True. Far be it from me to make anyone adopt an outlook wholesale from
somewhere else.
>here i find myself, on the road, and i keep stepping in all these damned
>good intentions. is it getting warmer in here?
That doesn't contradict the basic message, IMNSHO. Good intentions may
not be enough, and they may not guarantee anything, but they're certainly
necessary.
>> >they were simply playing the duped role of the masses.
>
>> This I don't understand. They were trying as hard as they could to
>> attain an un-duped state;...many were more successful at it than
>> society gives them credit for.
>
>well, that would again require one to ask just who 'they' were. 'they'
>the people who took it seriously, and tried to better their society, or
>'they' who found counterculture culture to be far too cool to pass up?
Certainly the first group. But ISTM there must've been people who were
attracted to the exteriors at first and eventually got hip to the
underlying principles. (Not that I've lived up to my own ideals,
though...) :-/
>> >i've yet to see an argument from history or a theory that
>> >successfully models human society that does not account for elitism.
>
>> Maybe on an engineering level.
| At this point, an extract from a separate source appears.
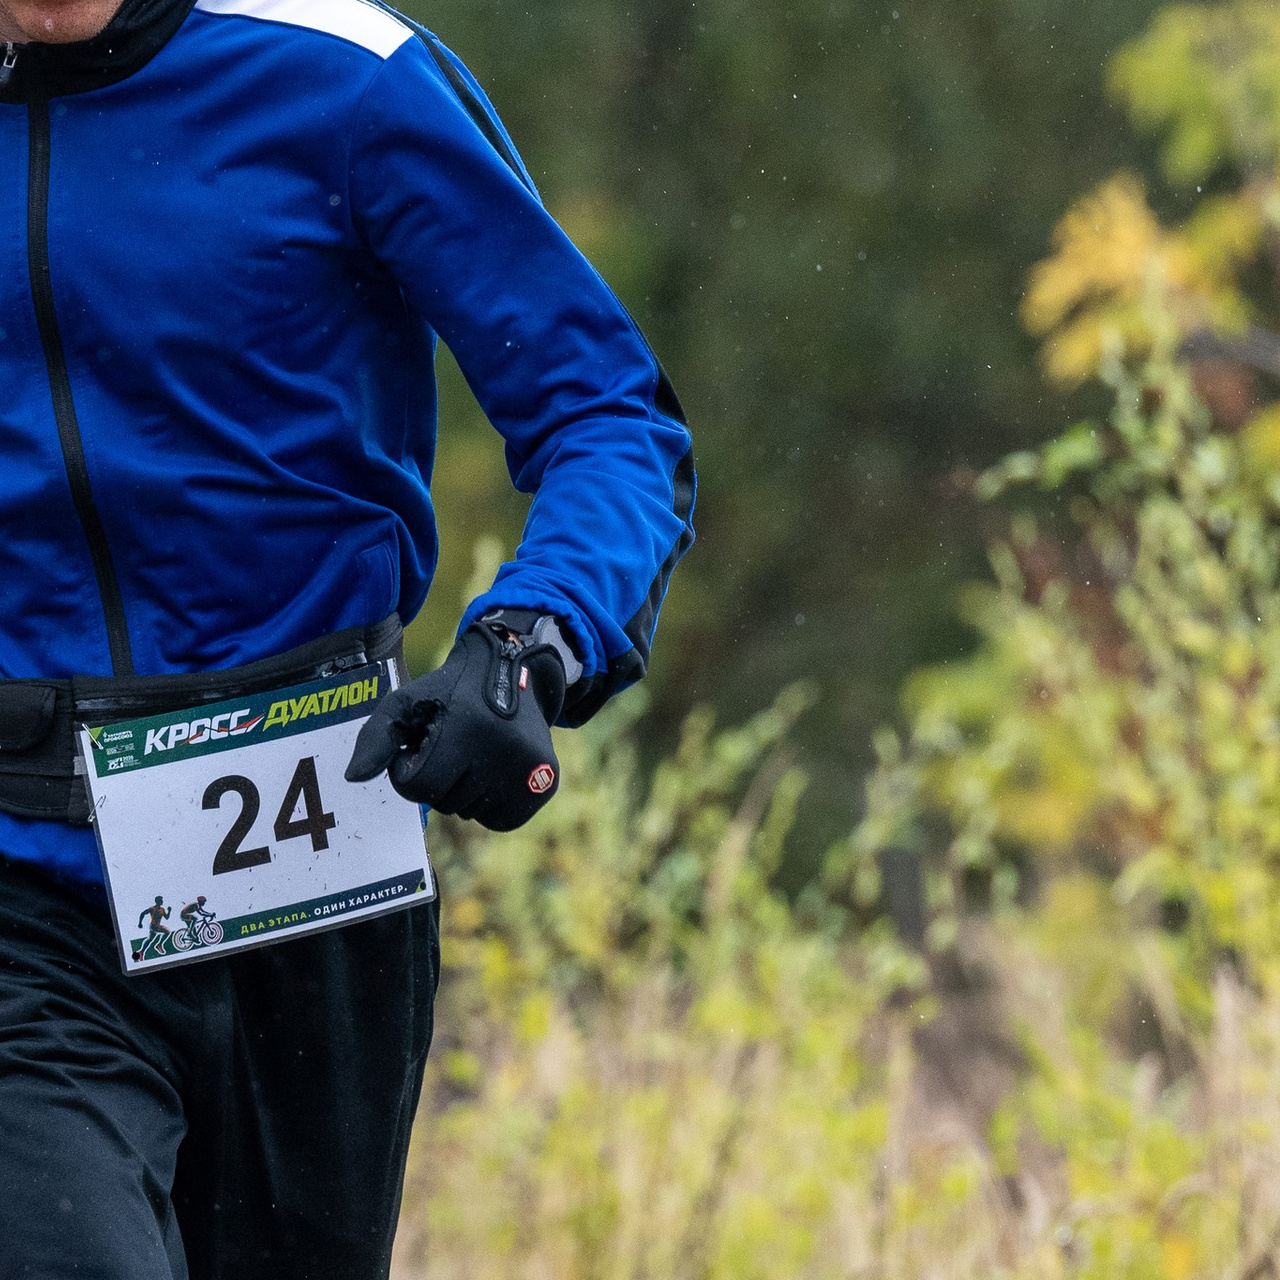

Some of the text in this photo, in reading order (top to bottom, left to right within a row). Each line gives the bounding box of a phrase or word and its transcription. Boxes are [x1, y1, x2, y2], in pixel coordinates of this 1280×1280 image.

Elitism on a moral level is another thing
>> for sure--something to submit to the public, not impose on it.
>
>equality is a legal notion....
>equality of any other sort is a fiction, made up by the elite, and
>embraced by the insecure, in the hopes that all the rest will be too
>stupid to question it.
But what is the elite? (Don't get me wrong, I've got an elitist streak,
too, but I like to think I understand why people are scared of it.)